All entries need to be written out verbatim, with pictures omitted.
== RECORDS TO PROCESS
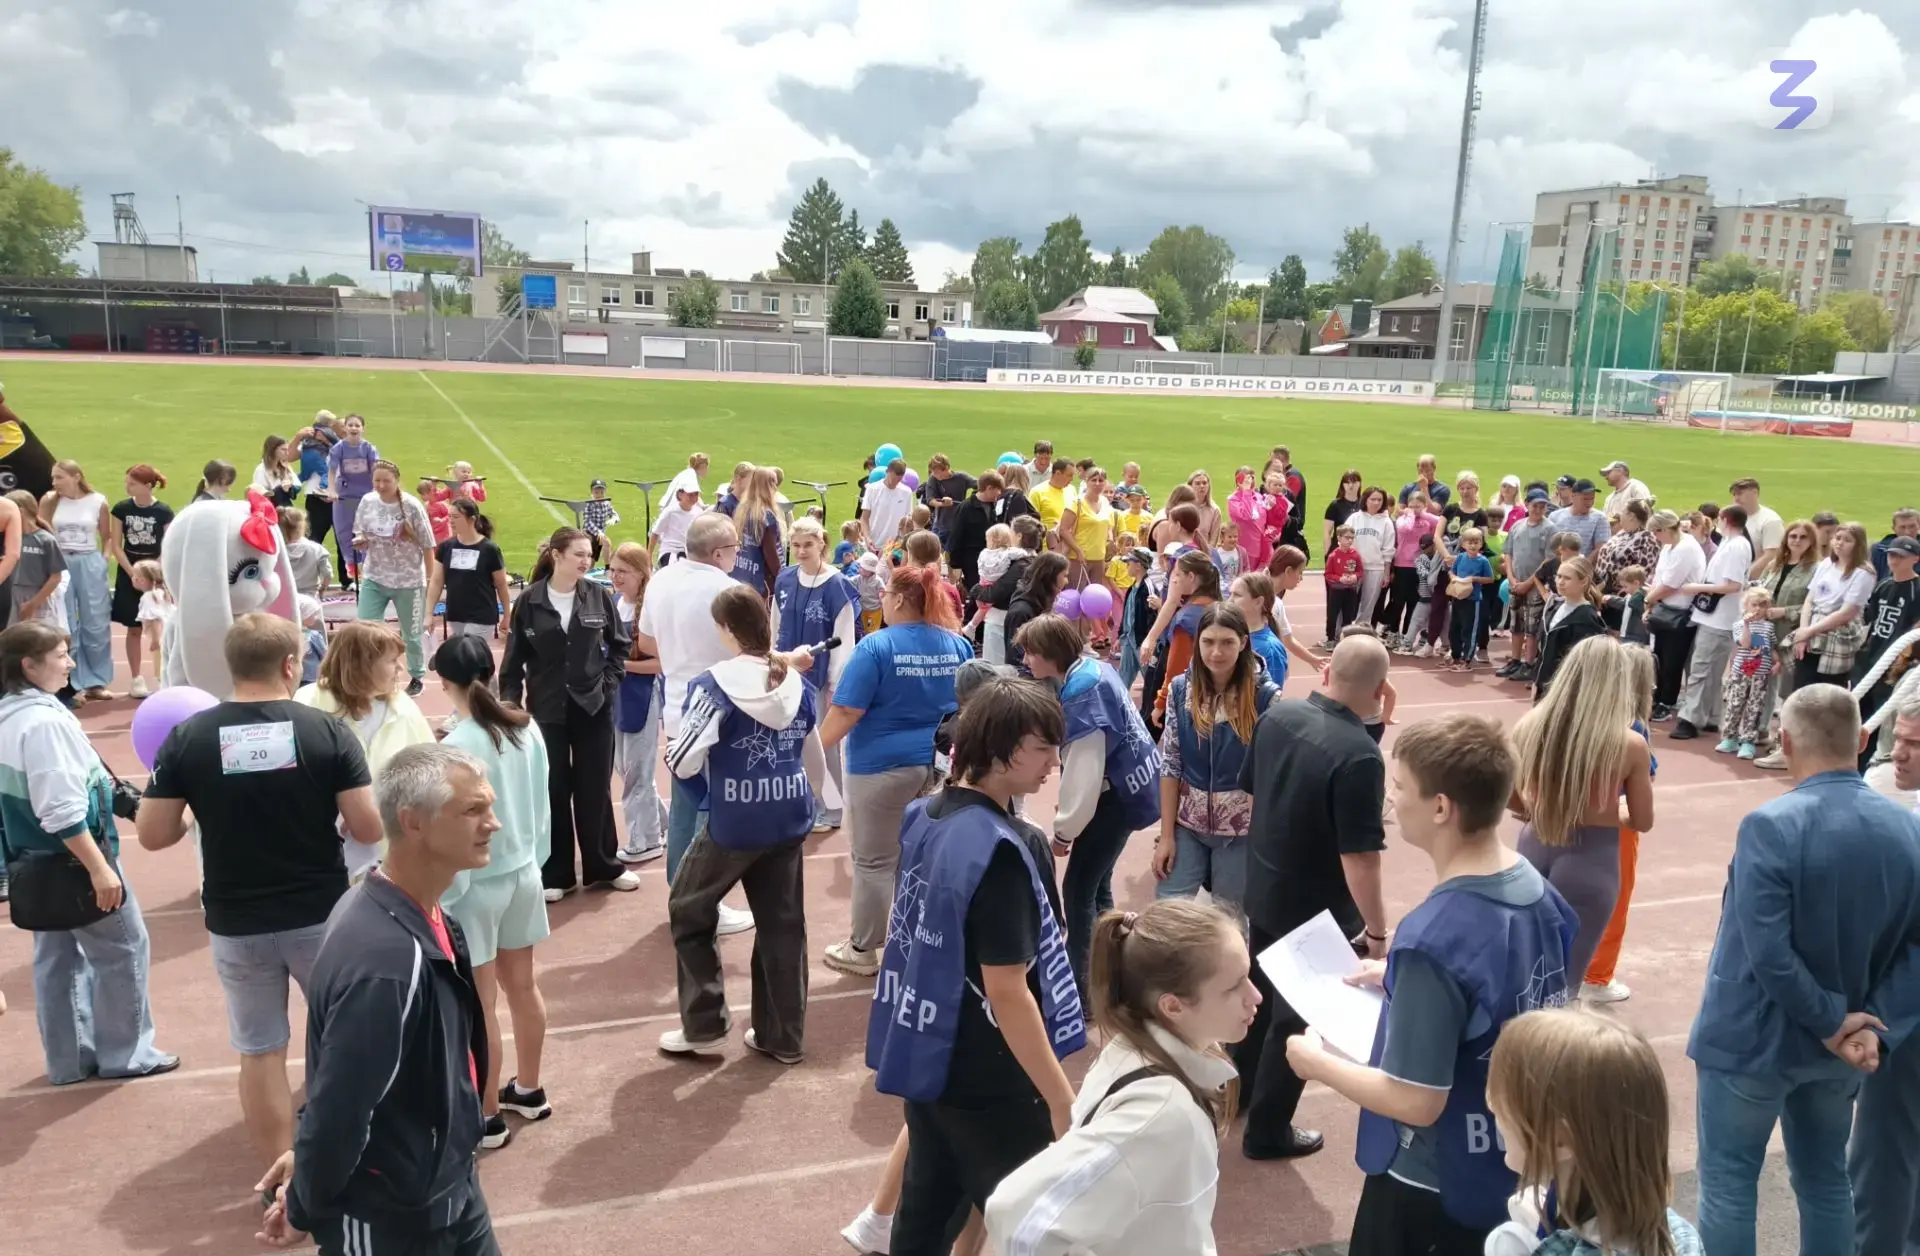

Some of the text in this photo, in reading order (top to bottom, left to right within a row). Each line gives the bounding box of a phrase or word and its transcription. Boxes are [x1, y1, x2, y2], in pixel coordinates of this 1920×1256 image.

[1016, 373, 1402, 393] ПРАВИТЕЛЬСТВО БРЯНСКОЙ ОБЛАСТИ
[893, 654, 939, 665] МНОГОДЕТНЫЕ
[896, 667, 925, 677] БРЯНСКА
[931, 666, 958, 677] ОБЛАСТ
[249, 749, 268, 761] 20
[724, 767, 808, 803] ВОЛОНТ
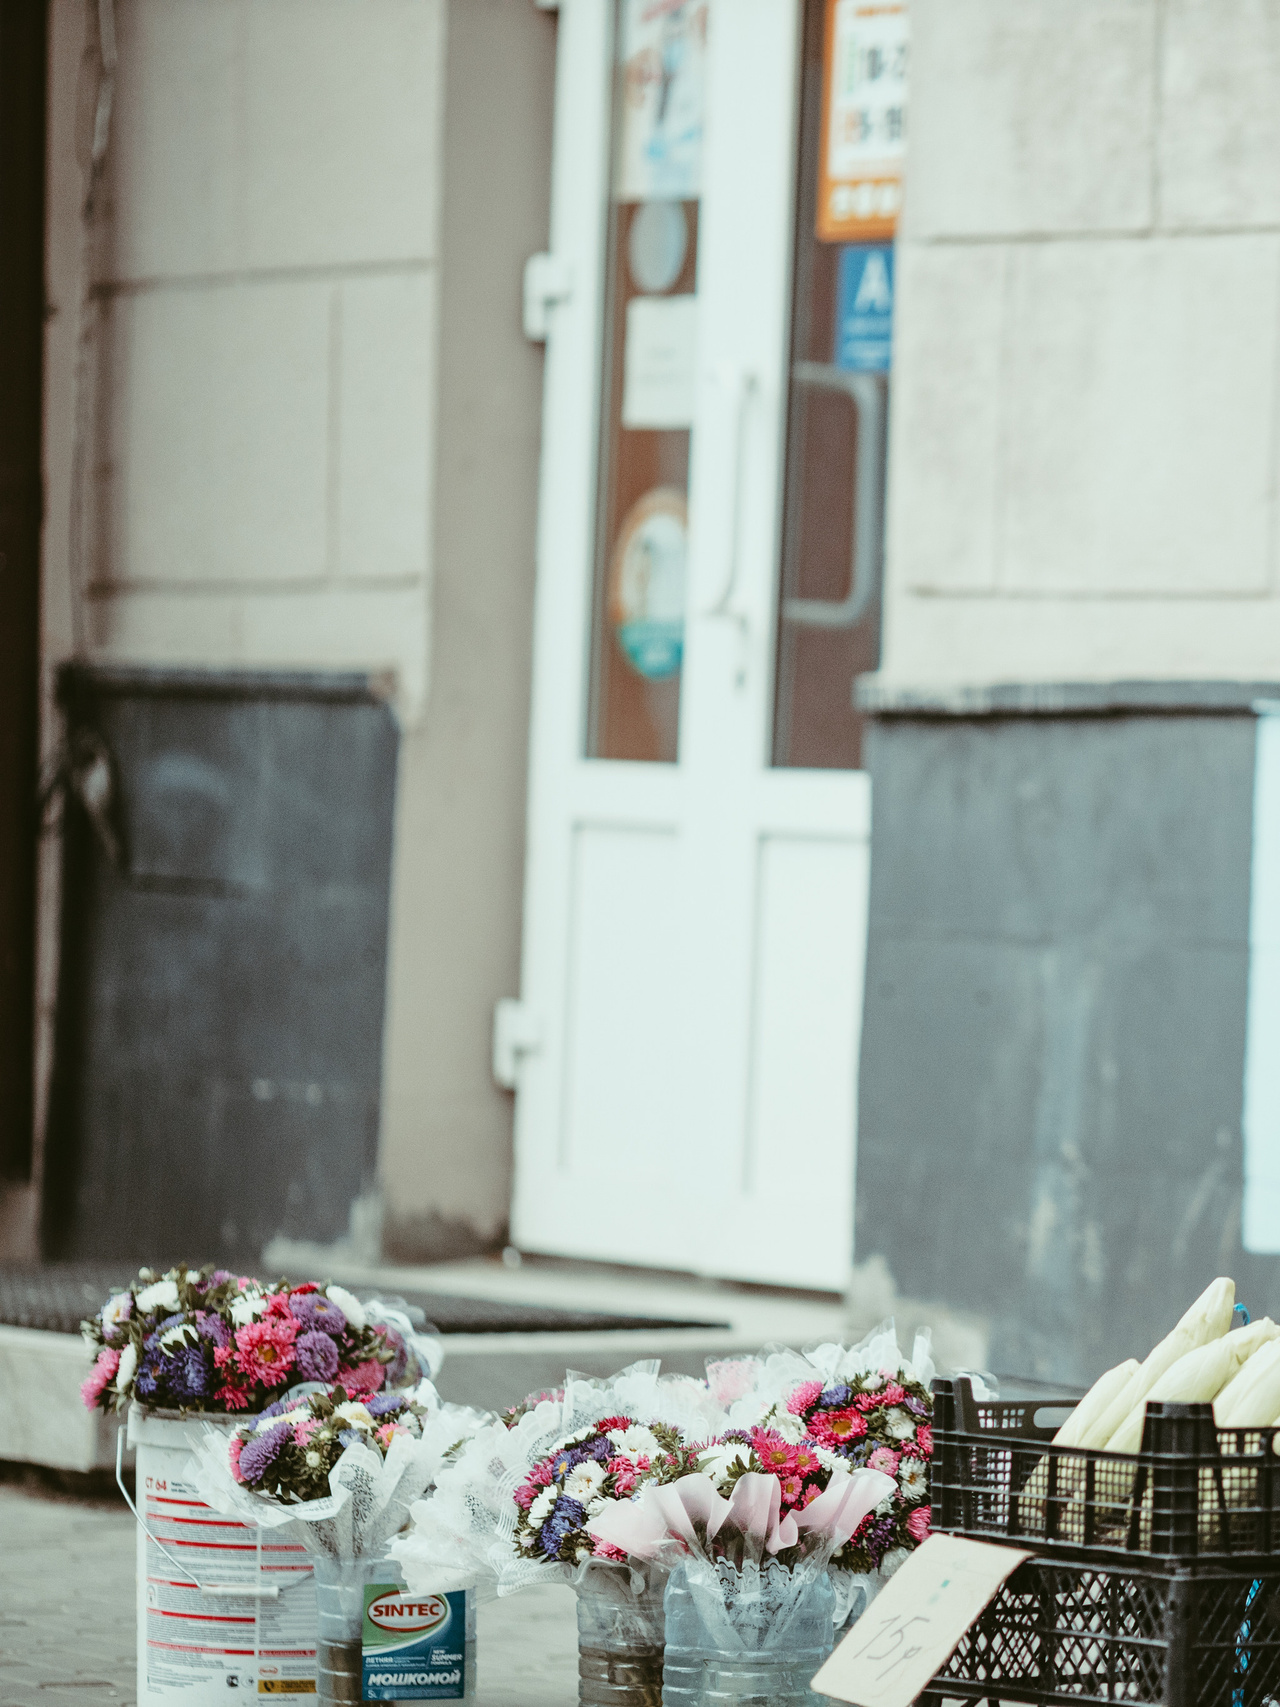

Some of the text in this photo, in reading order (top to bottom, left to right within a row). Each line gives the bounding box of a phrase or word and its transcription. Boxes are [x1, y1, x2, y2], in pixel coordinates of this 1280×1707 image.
====
RESULT OF THIS TASK
Some of the text in this photo, in reading order (top to bottom, left to right within a row). Each line gives the bounding box of a phrase or word and its transcription. Boxes are [x1, y1, x2, y2], in pixel coordinates of this 1920×1256 image.

[1016, 373, 1402, 393] ПРАВИТЕЛЬСТВО БРЯНСКОЙ ОБЛАСТИ
[893, 654, 939, 665] МНОГОДЕТНЫЕ
[896, 667, 925, 677] БРЯНСКА
[931, 666, 958, 677] ОБЛАСТ
[249, 749, 268, 761] 20
[724, 767, 808, 803] ВОЛОНТ

Some of the text in this photo, in reading order (top to bottom, left to right within a row). Each line gives the bounding box of a phrase or word and its transcription. Boxes are [x1, y1, x2, y2], in pixel coordinates of this 1280×1707 image.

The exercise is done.